The shock resignation of the former Transport Secretary, Louise Haigh, has been superseded by the rapid appointment of Heidi Alexander as her replacement. The cabinet ministry was vacant for less than five hours, following Haigh’s resignation at six o’clock this morning (29 November). The emergence of a past and relatively minor criminal conviction was given as the reason for her rapid departure.
The transport industry is coming to terms with a new minister in charge of all related matters, and empowered to deliver government policy. After the abrupt departure of Louise Haigh, the Prime Minister Keir Starmer has wasted no time in appointing a replacement. The new minister, now in charge of the Department for Transport and already installed at 55 Horseferry Road, London, is Heidi Alexander – a sitting member of parliament for the Swindon South constituency, and already a junior minister in the Justice Department.
Heidi Alexander comes to the Department for Transport with a selection of all the right credentials. Privately, it is believed that she was considered for the post when Keir Starmer was assembling his cabinet in the morning after the 4 July election, which saw the socialist Labour Party retake office after fourteen years of right-wing Conservative government.
The new transport secretary is leaving the Justice Department, but it could be argued that transport is a greater part of her political career. She won a seat for the Labour Party in the July General Election for the constituency of Swindon South. The town, 80 miles (130 km) west of London, is most renowned for its association with the railway. Swindon grew massively around the now repurposed Great Western Railway Works, established in the town by the famous engineer Isambard Kingdom Brunel.
More currently, Heidi Alexander had an interregnum from parliamentary politics during the last decade. She worked for over three years as London’s deputy mayor for transport – alongside the elected (Labour) mayor of London, Sadiq Khan. She was also deputy head of Transport for London and was in post for the opening of the Elizabeth Line – which has become the busiest passenger railway in the UK.
Her portfolio is now vastly broadened. The Transport Secretary will be expected to enter into the new office with all the vigour she has already promised for her constituents. “This is the moment we press the reset button for the country,” she said at her election in Swindon. “To get our economy firing on all cylinders. To restore honesty, decency and integrity to politics.”
Her choice of metaphors may well be cast up to her immediately. Many transport policies which she will pick up are aimed at decarbonising the transport network – eliminating cylinders and replacing them with fuel cells. She will also have public transport interests lobbying her across a range of issues, from rising bus fares to abandoned rail developments. She will also find the rail freight industry knocking on her door, almost as quickly as she has been appointed.

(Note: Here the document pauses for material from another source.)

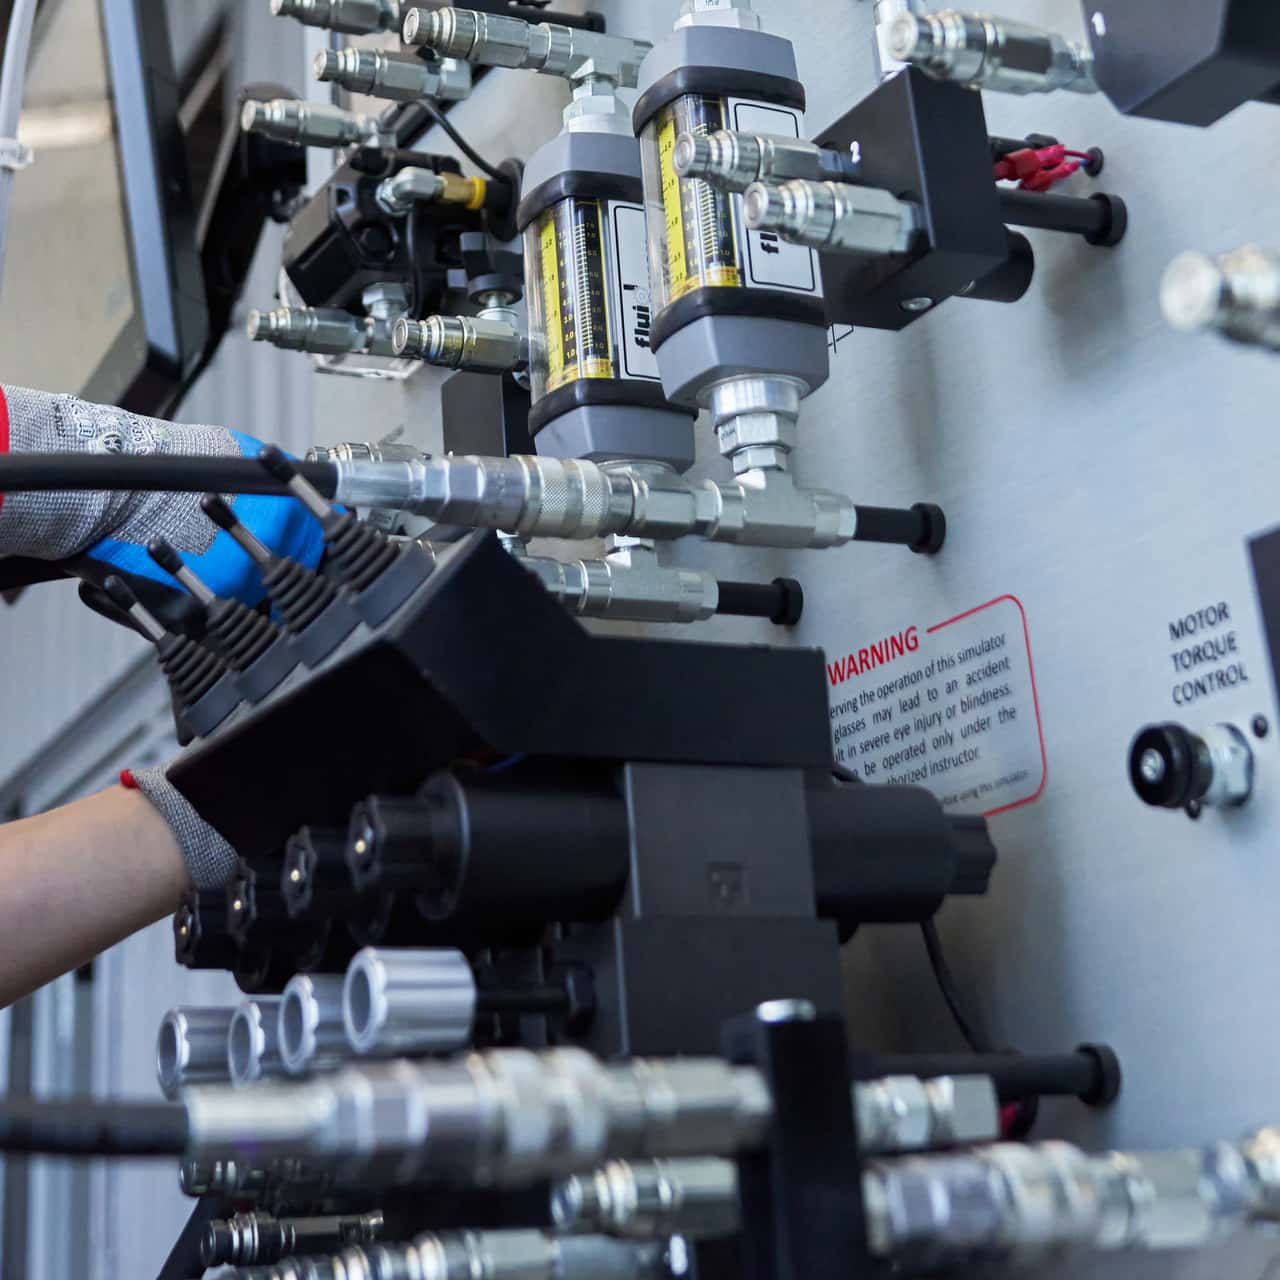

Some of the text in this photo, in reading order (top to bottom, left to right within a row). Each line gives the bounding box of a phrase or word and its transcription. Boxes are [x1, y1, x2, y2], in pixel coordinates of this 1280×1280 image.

The previous Transport Secretary had made a vigorous point of courting the passenger sector and was behind very public initiatives, including confirmation of bringing the HS2 high-speed rail project into central London (at Euston). Ms Alexander will, however, have immediate opportunities to rebuild relations with the freight sector. Her predecessor had struggled with the delicate balances in that sphere – most notably when her comments regarding P&O Ferries came to the attention of DP World, the owners of that shipping line – and a company behind several projects centric to rail freight, including the highly successful modal shift programme at the Port of Southampton.
Heidi Alexander would do well to take more than the brief pause shown by her Prime Minister and consider at length the intricacies of the transport portfolio. The office is often regarded in abstraction. In reality, it is intertwined with all the major departments of government. She will find that the network concept is not confined to the railways. Tugging on one thread always carries the danger of unravelling the entire transport tapestry.